Department of Biostatistics, Mailman School of Public Health, Columbia University.
Department of Statistics, Columbian College of Arts and Sciences, the George Washington University.
Nucleic Acids Res. 2019 Jan 10;47(1):e6. doi: 10.1093/nar/gky882.
Identifying epigenetic field defects, notably early DNA methylation alterations, is important for early cancer detection. Research has suggested these early methylation alterations are infrequent across samples and identifiable as outlier samples. Here we developed a weighted epigenetic distance-based method characterizing (dis)similarity in methylation measures at multiple CpGs in a gene or a genetic region between pairwise samples, with weights to up-weight signal CpGs and down-weight noise CpGs. Using distance-based approaches, weak signals that might be filtered out in a CpG site-level analysis could be accumulated and therefore boost the overall study power. In constructing epigenetic distances, we considered both differential methylation (DM) and differential variability (DV) signals. We demonstrated the superior performance of the proposed weighted epigenetic distance-based method over non-weighted versions and site-level EWAS (epigenome-wide association studies) methods in simulation studies.
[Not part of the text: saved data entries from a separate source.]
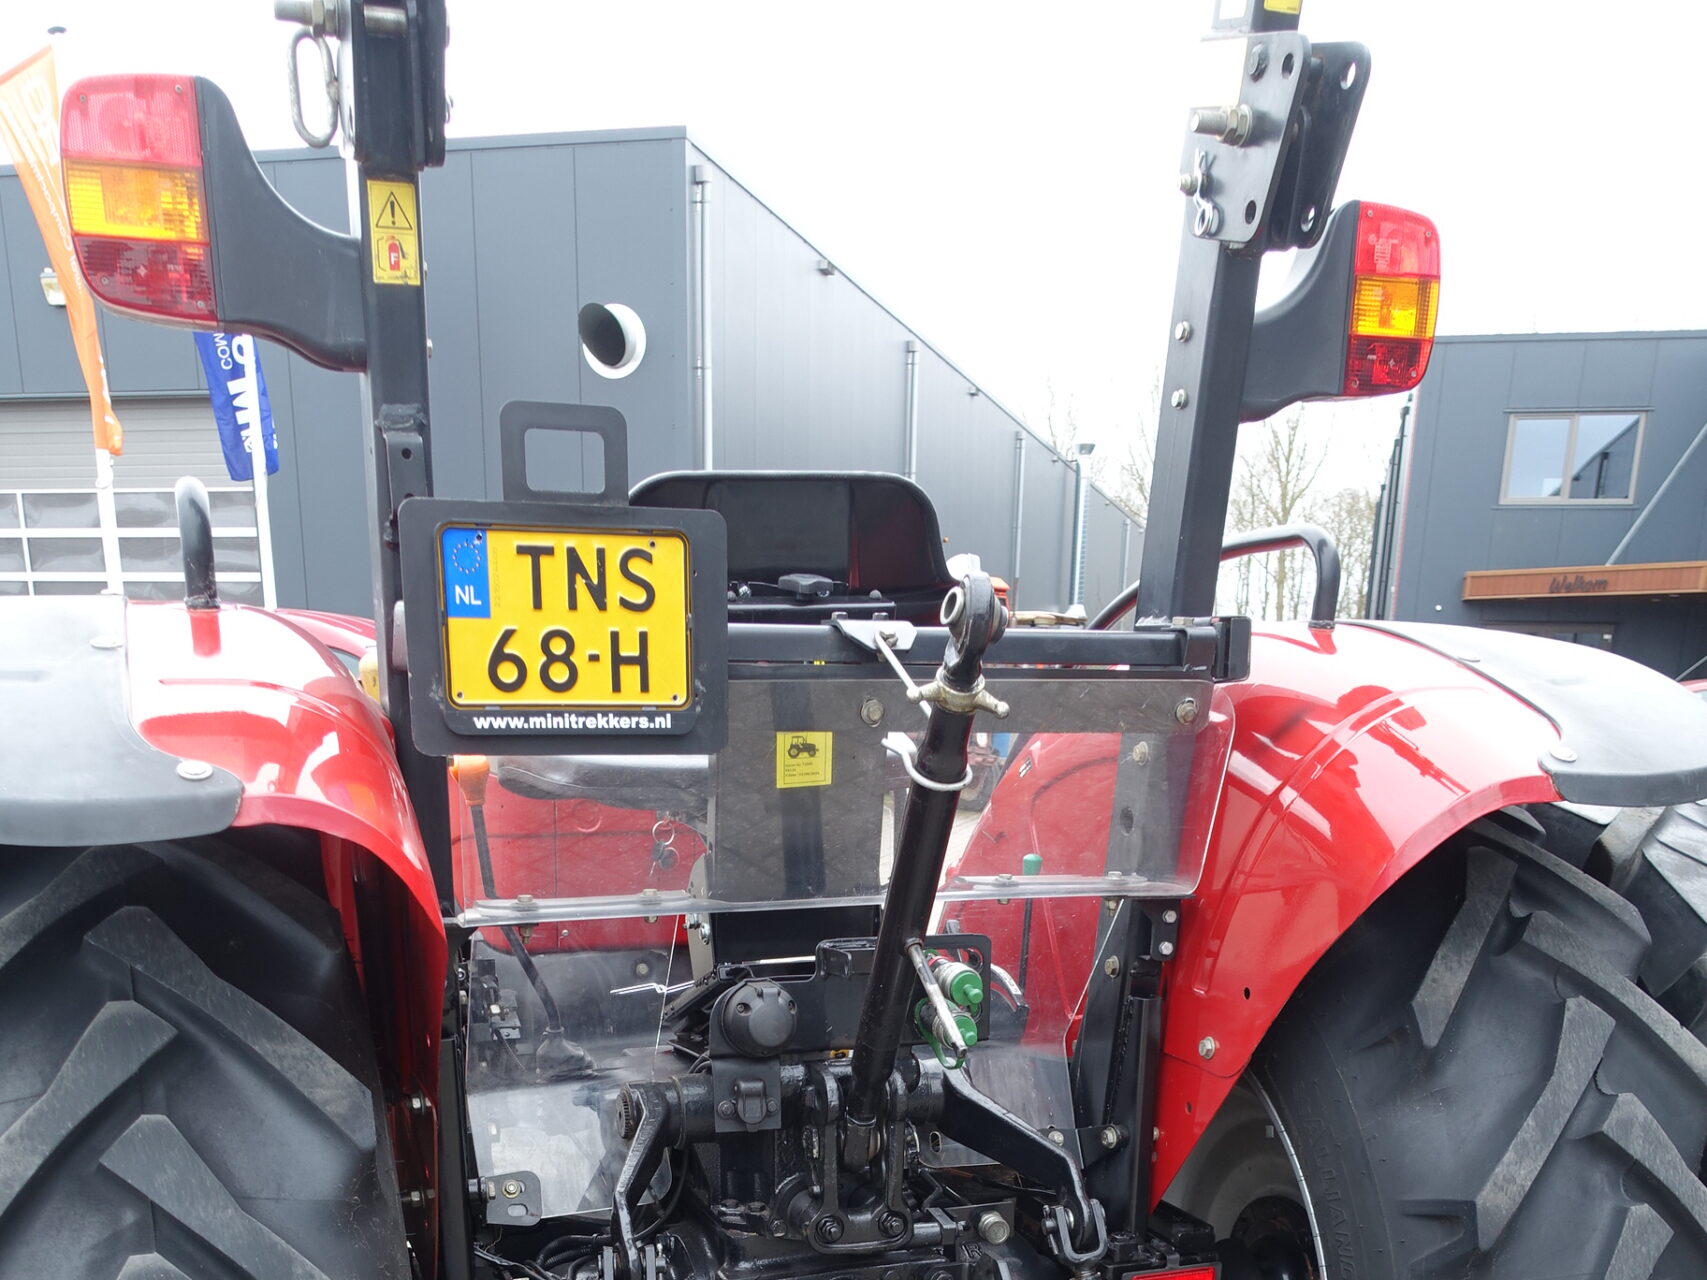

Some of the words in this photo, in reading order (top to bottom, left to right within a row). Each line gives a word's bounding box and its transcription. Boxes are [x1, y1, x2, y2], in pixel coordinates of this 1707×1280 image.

[390, 253, 399, 265] F
[516, 545, 656, 612] TNS
[1549, 575, 1608, 593] Welkom
[455, 584, 482, 605] NL
[487, 628, 650, 694] 68-H
[473, 713, 672, 729] www.minitrekkers.nl
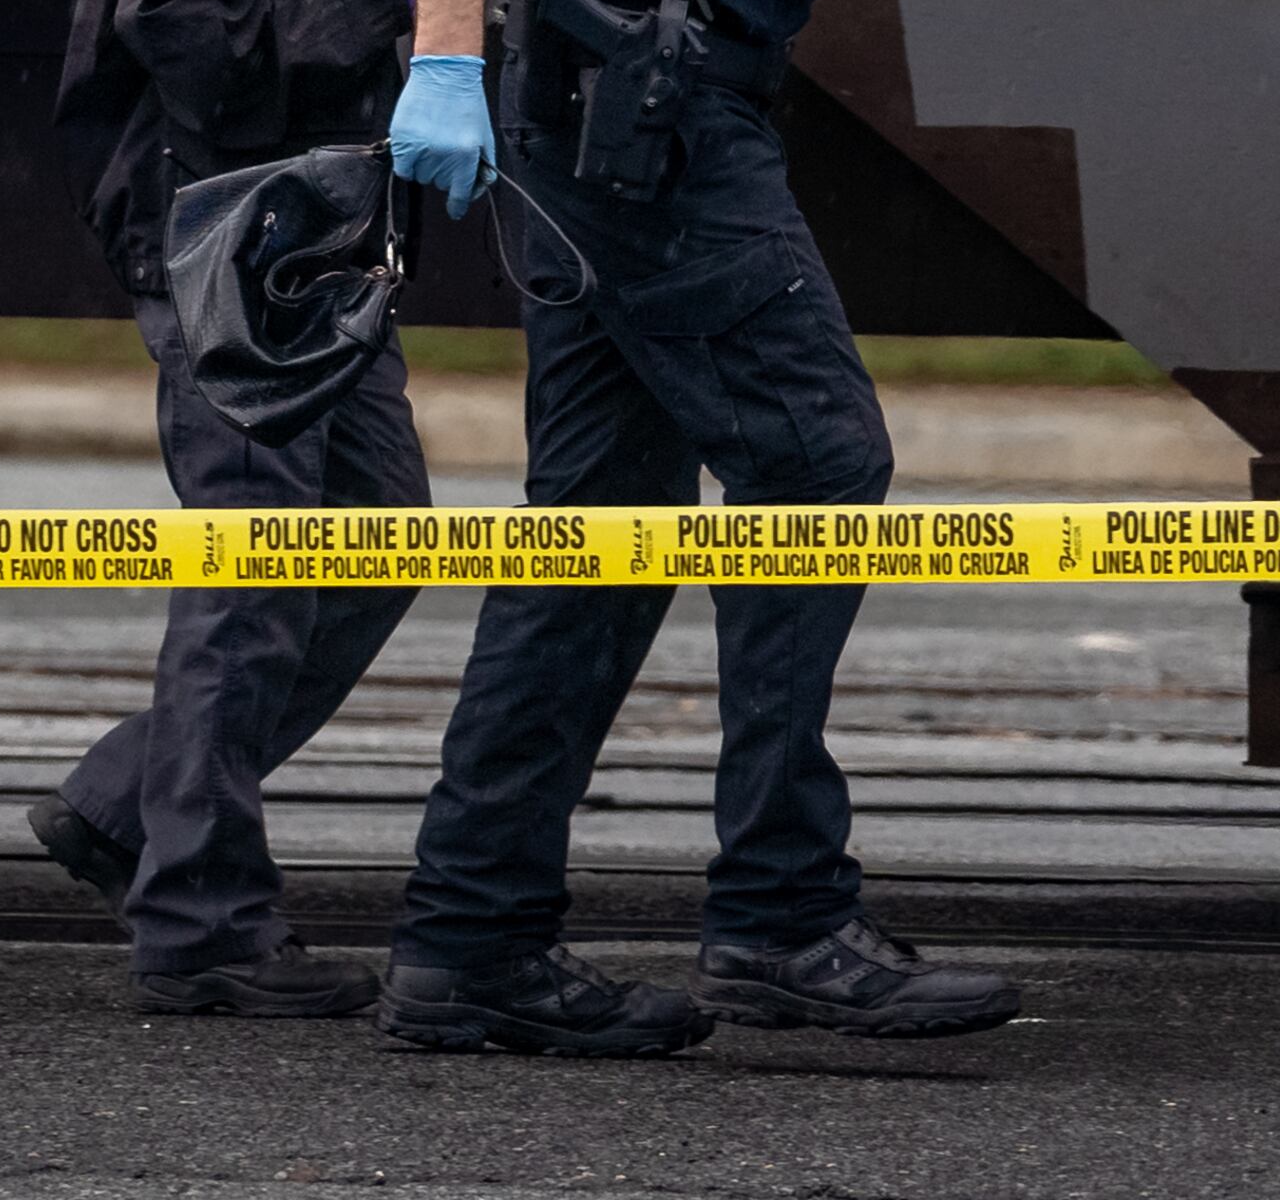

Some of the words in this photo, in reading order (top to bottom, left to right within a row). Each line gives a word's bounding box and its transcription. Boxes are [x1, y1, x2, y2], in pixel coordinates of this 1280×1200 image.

[20, 518, 68, 553] NOT
[75, 518, 157, 553] CROSS
[249, 516, 335, 551] POLICE
[343, 516, 398, 551] LINE
[406, 515, 439, 551] DO
[448, 515, 496, 551] NOT
[504, 515, 586, 550] CROSS
[678, 514, 764, 549] POLICE
[772, 513, 826, 548] LINE
[834, 513, 869, 548] DO
[877, 513, 924, 548] NOT
[932, 512, 1014, 548] CROSS
[1106, 510, 1193, 545] POLICE
[1201, 509, 1255, 544] LINE
[10, 558, 67, 581] FAVOR
[72, 557, 97, 581] NO
[102, 557, 173, 581] CRUZAR
[235, 556, 288, 580] LINEA
[293, 556, 317, 580] DE
[322, 555, 391, 580] POLICIA
[396, 555, 432, 579] POR
[438, 555, 494, 579] FAVOR
[500, 555, 525, 579] NO
[530, 554, 601, 579] CRUZAR
[663, 553, 716, 578] LINEA
[721, 553, 745, 577] DE
[750, 553, 820, 577] POLICIA
[824, 553, 861, 577] POR
[866, 553, 923, 576] FAVOR
[928, 552, 953, 576] NO
[959, 551, 1030, 576] CRUZAR
[1092, 550, 1145, 575] LINEA
[1150, 549, 1174, 575] DE
[1179, 549, 1249, 574] POLICIA
Application to breast cancer methylation data from Gene Expression Omnibus (GEO) comparing normal-adjacent tissue to tumor of breast cancer patients and normal tissue of independent age-matched cancer-free women identified novel epigenetic field defects that were missed by EWAS methods, when majority were previously reported to be associated with breast cancer and were confirmed the progression to breast cancer. We further replicated some of the identified epigenetic field defects.
鉴定表观遗传领域缺陷,特别是早期 DNA 甲基化改变,对于早期癌症检测很重要。研究表明,这些早期甲基化改变在样本中很少见,可以识别为异常样本。在这里,我们开发了一种基于加权表观遗传距离的方法,用于描述基因或遗传区域中两个样本之间多个 CpG 处甲基化测量的(不)相似性,该方法对信号 CpG 进行加权,对噪声 CpG 进行去重。使用基于距离的方法,可以累积在 CpG 位点水平分析中可能被过滤掉的弱信号,从而提高整体研究能力。在构建表观遗传距离时,我们同时考虑了差异甲基化 (DM) 和差异可变性 (DV) 信号。我们在模拟研究中证明了所提出的基于加权表观遗传距离的方法优于非加权版本和基于位点的 EWAS(表观基因组关联研究)方法的性能。将从基因表达综合数据库 (GEO) 获得的乳腺癌甲基化数据应用于比较乳腺癌患者的正常邻近组织与肿瘤和年龄匹配的无癌女性的正常组织,发现了一些新的表观遗传领域缺陷,这些缺陷被 EWAS 方法所忽略,而大多数之前被报道与乳腺癌相关,并被证实与乳腺癌的进展有关。我们进一步复制了一些鉴定出的表观遗传领域缺陷。